Until very recently (in historical terms) it was not possible for people living in the West to freely explore non-Christian religious traditions. As this freedom was slowly recovered, there were two natural inclinations among those who were adventurous enough to take advantage of it: (1) to explore “our own” pre-Christian religious traditions (Paganism), and (2) to explore religions found in other parts of the world that have not been Christianized (especially Buddhism and Hinduism). As a result, the recent histories of western Buddhism and modern Paganism are inextricably entwined with one another. In particular, the pioneers of Buddhism in the West often turn out to be important figures in the foundations of modern Paganism as well. It is in the nature of pioneers to cross boundaries, and so figures like Alan Bennett (who taught Qabalah to Aleister Crowley and became one of the first Europeans to ever ordain as a Buddhist monk), and Henry Steel Olcott (a military officer, journalist, lawyer, occultist and Theosophist from New Jersey, who is honored with his own holiday in the Buddhist nation of of Sri Lanka) defy any simplistic categorization. Rick Fields devotes a chapter to some of these genre-bending Occultist/Buddhist pioneers, whom he calls “White Buddhists”, in his now classic study of the history of Buddhism in America, How the Swans Came to the Lake.
9. You can be both a Pagan and a Buddhist.

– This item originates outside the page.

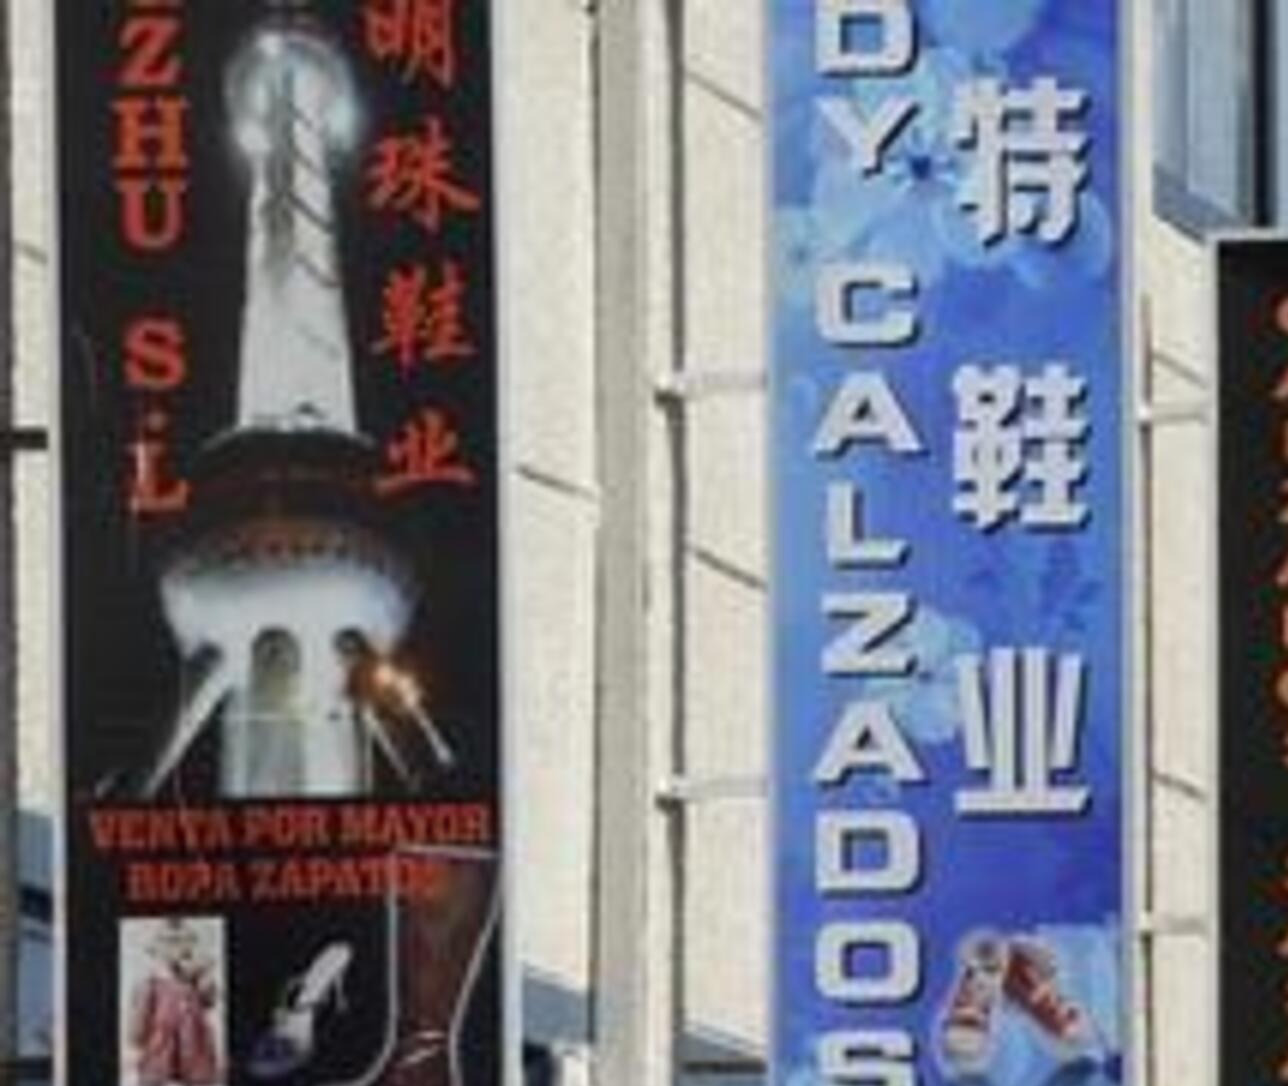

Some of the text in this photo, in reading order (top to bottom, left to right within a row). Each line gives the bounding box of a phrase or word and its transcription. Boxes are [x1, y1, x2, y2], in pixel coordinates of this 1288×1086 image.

Many people find that they are attracted to both Buddhism and Paganism. Some people feel the need to choose one or the other. That should be a personal choice, and it should not be based on the (baseless) notion that Paganism and Buddhism are somehow intrinsically incompatible. Some people feel that it is important to focus on a single path, while other people seem to be congenitally eclectic. Its important for modern Pagans to realize that Buddhists in Asia have a long history of simultaneously being good Buddhists and good Pagans. And there is a long tradition of Asian Buddhists actively promoting the harmonization of different schools of Buddhism along with spiritual traditions outside of Buddhism, incuding Bön (Tibet), Shinto (Japan), Shamanism (Korea), Taoism and Confucianism (China), etc.
10. Buddhism and Hinduism have been far more successful than other religions in resisting the spiritual aggression of Christianity and Islam.
Modern Pagans are constantly frustrated by the fragmentary (at best) nature of what survives of our own ancient spiritual traditions. Buddhism and Hinduism, on the other hand, remain intact even after centuries of attempts by Christians and Muslims to do to them what was done to our ancestral traditions. Pagans can learn a great deal from the ancient spiritual traditions of Asia, and we can do this without engaging in “cultural appropriation” if we follow the example of the Buddha: who sought out teachers of the living traditions of his time and learned everything he could from them, with great respect and appreciation, but without ever forgetting that ultimately he was responsible for finding his own way.